2011's La Nina was the strongest we've seen since 1917. You would have thought that
the lessons of 1974 would have prepared people for 2011, but generations of knowledge
and memory keep slipping away. At times the reluctance to tackle these issues head
on is more wilful, as suggested by recent reports that Victoria's power companies
did not act on promises regarding the management of power lines after the Ash Wednesday
fires of 1983. A
Four Corners
report in late 2013 pointed out that yes, it would
cost 750 million dollars or more to put power lines underground in parts of southeastern
Australia that are at high risk of fires. But the fires themselves? They're costing
us billions of dollars—and hundreds of lives. Similarly, doing nothing about climate
change will cost the planet much more in economic terms than the cost of addressing
it.

In ‘Prosper or Perish' Tom Griffiths writes:

a place of escalating fatal bushfire, and with a small and embattled agricultural
economy, Australians might have been expected to rush to sign Kyoto a decade ago…for
two hundred years, the European colonisers of Australia have struggled to come to
terms with the extreme climatic variability of the continent. Australia has a boom-and-bust
ecology. Settlers have had to learn, slowly and reluctantly, that ‘drought' is not
aberrant but natural; they have struggled to understand seasonal and non-annual climatic
variation; they have had to accept a wilful nature that they cannot control or change.
They are still learning. And now, suddenly, Australians are confronted by long-term,
one-way climatic change for which they, in part, are held responsible.

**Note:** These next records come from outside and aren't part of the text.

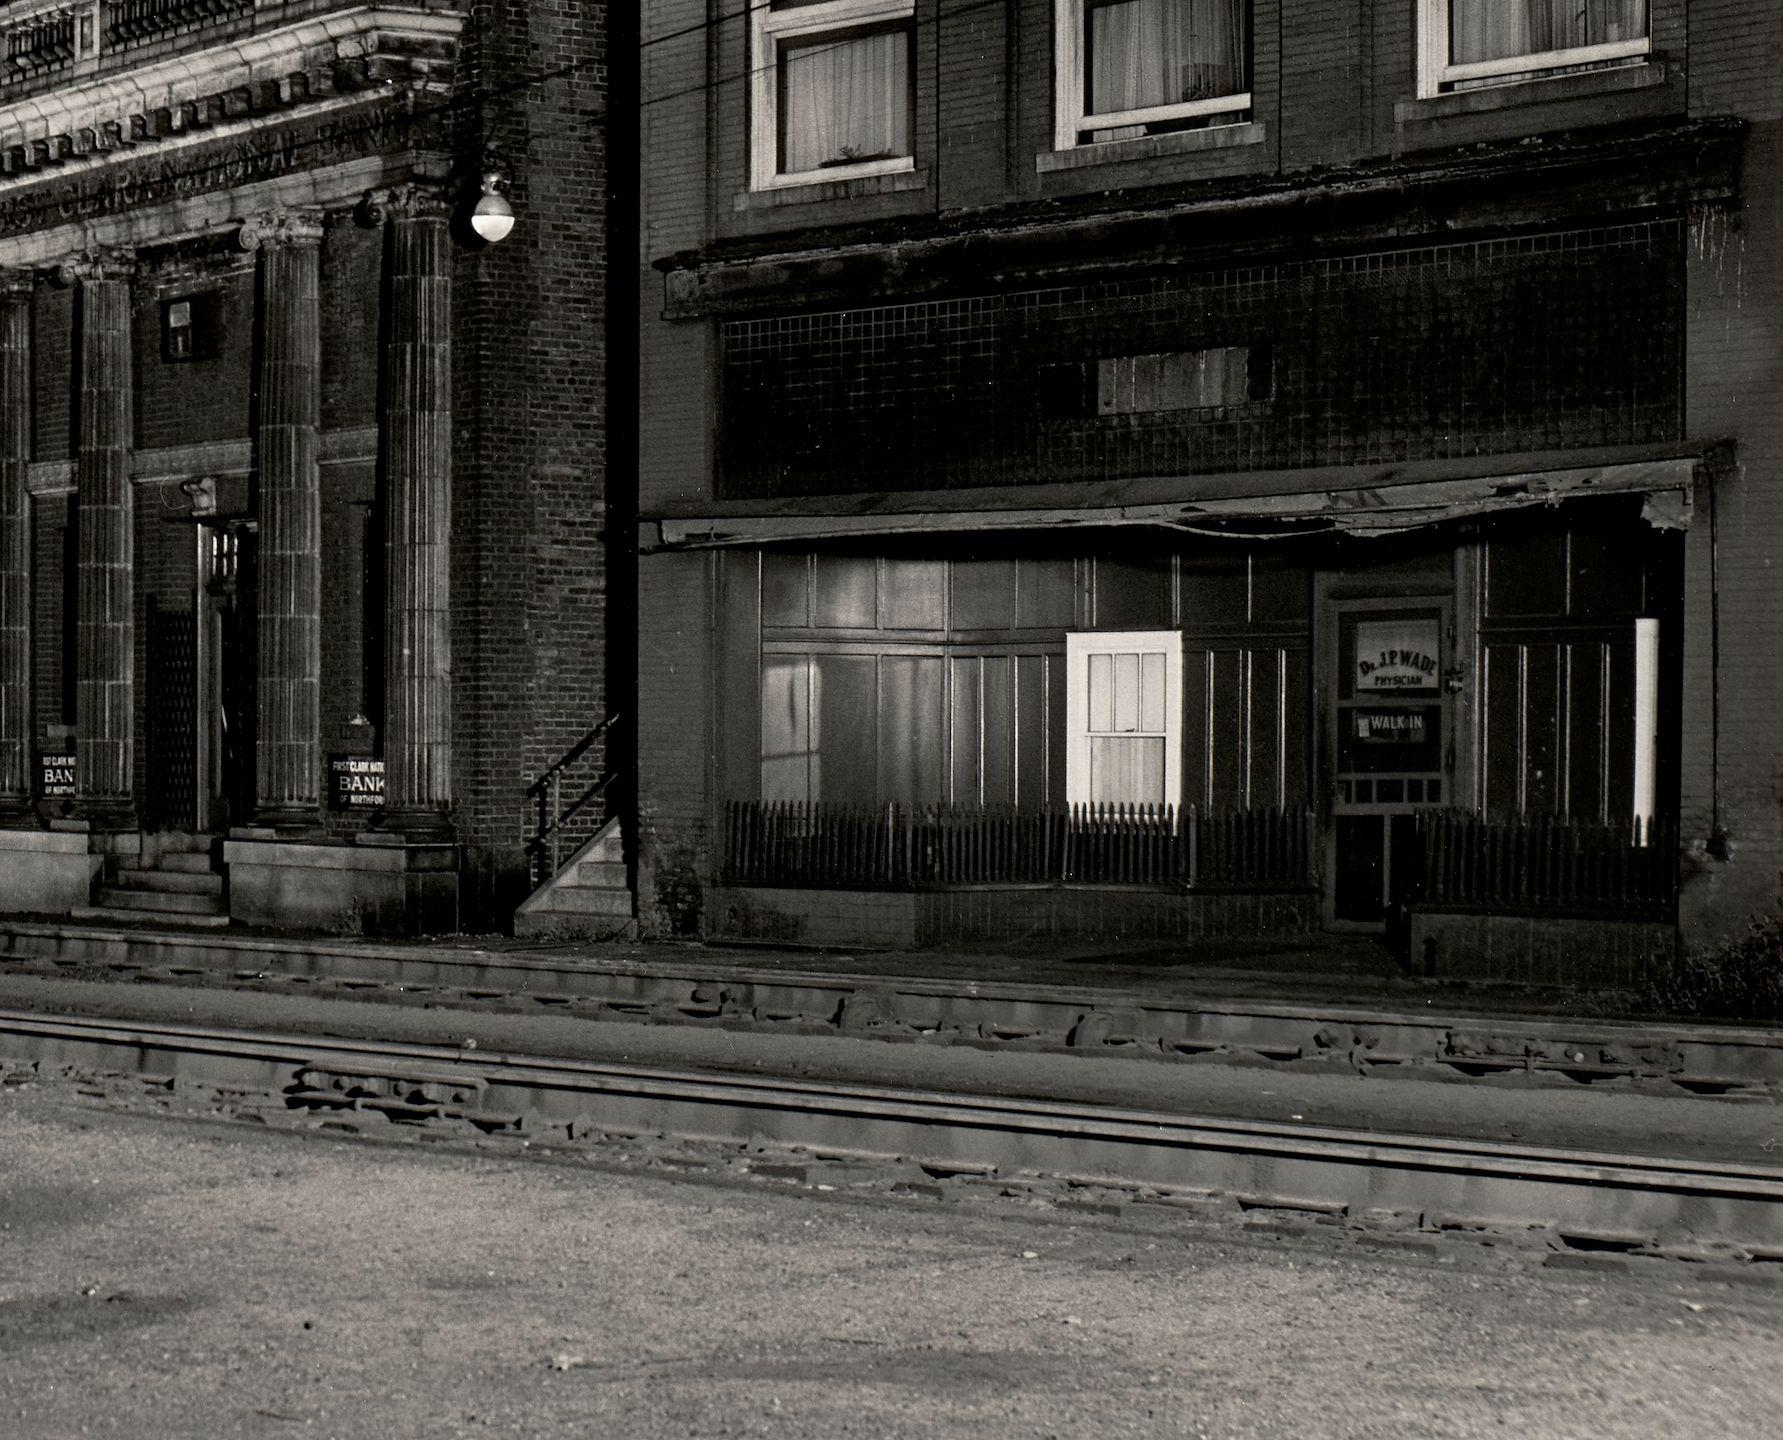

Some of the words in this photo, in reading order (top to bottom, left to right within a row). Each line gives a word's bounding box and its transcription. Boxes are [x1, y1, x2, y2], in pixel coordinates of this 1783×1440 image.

[1400, 650, 1437, 676] WADE
[1375, 675, 1422, 686] PHYSICIAN
[1371, 715, 1405, 730] WALK
[1409, 715, 1423, 730] IN
[52, 756, 67, 766] CLARK
[333, 761, 350, 771] FIRST
[350, 761, 369, 773] CLARK
[44, 769, 73, 783] BAN
[339, 794, 348, 804] OF

Tess Lea, writing of our propensity for a shared amnesia, linked it to, among other
things, what she describes as ‘the killing times of settlement'.
19
That is, our reluctance
to acknowledge the warfare and attempted genocide that underpin colonisation. She
is right to remind us that forgetting is strategic and that it has, in this country,
become a very bad habit. Certainly before we have come to grips with the first factor—that
Australia
is
a sunburnt country, one of droughts and flooding rains, of cyclones
and bushfires—a second factor is upon us.

Six of the hottest Australian summers on record have occurred in the last eleven
years. The United Kingdom has had its five wettest years and seven warmest years
since the year 2000. In 2013 Australia's weather broke every record since records
began. The summer of 2012–13 recorded the warmest September–March on record, the
hottest summer on record, the hottest month on record and the hottest day on record.

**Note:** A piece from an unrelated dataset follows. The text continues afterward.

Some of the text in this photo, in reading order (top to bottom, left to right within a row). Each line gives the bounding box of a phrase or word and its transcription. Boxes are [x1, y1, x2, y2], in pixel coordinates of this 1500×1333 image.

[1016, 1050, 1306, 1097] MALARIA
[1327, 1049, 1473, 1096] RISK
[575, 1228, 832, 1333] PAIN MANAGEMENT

A record was set for the longest national-scale heatwave. It was also the hottest
summer on record for Australian sea-surface temperatures, thus increasing the chances
of a cyclone. All this in a year that was neither El Nino nor La Nina, the other
oscillating weather pattern associated with extreme weather. Records are breaking
so fast that no doubt several more will have shattered by the time this book is published.

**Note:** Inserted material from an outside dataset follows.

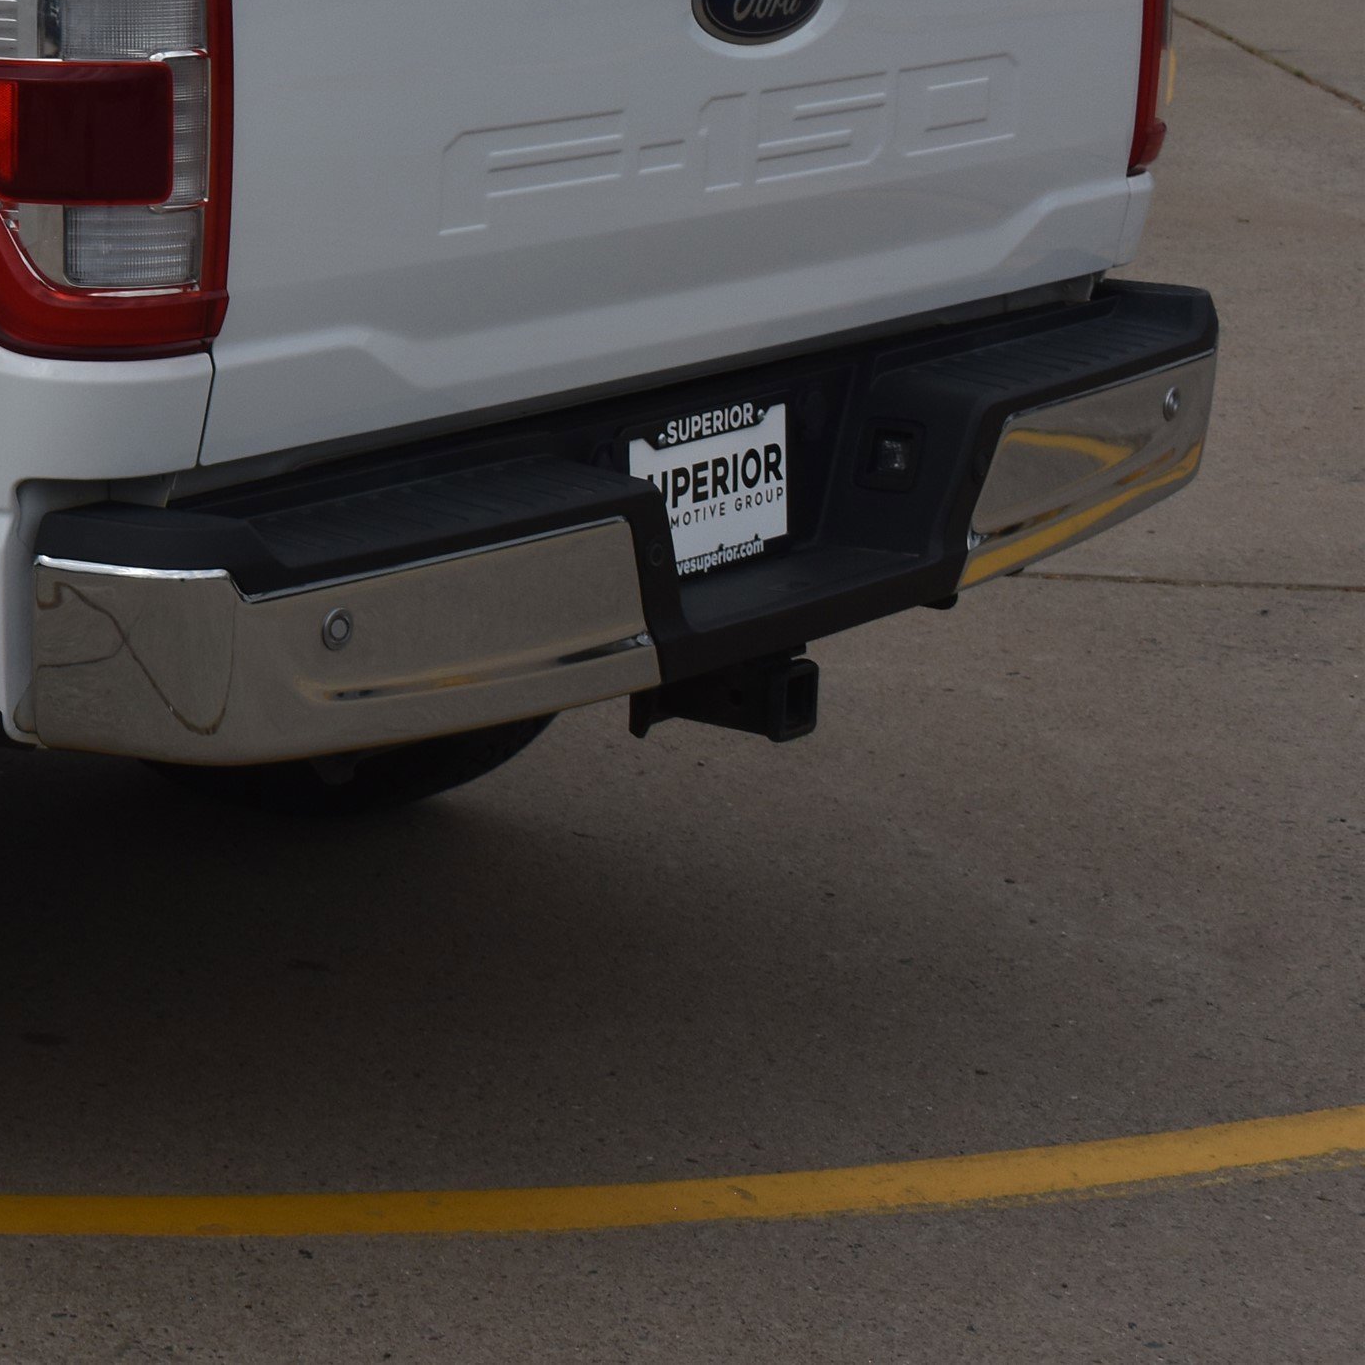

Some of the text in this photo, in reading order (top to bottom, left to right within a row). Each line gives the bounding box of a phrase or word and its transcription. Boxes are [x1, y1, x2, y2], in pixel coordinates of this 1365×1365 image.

The week before I sent the final version of this manuscript to the publishers, several
public figures raised their voices to call for the cutting of carbon emissions. Some
of these could be said to be predictable, such as Nicholas Stern, the author of a
2006 report on the economics of climate change. Less predictable was the statement
by US Secretary of State John Kerry that man-made climate change was ‘perhaps the
world's most fearsome weapon of mass destruction'.
20
Christine Lagarde, a conservative
and the head of the International Monetary Fund, urged the Australian government
not to abandon its role as ‘a pioneer' in the debate on climate change.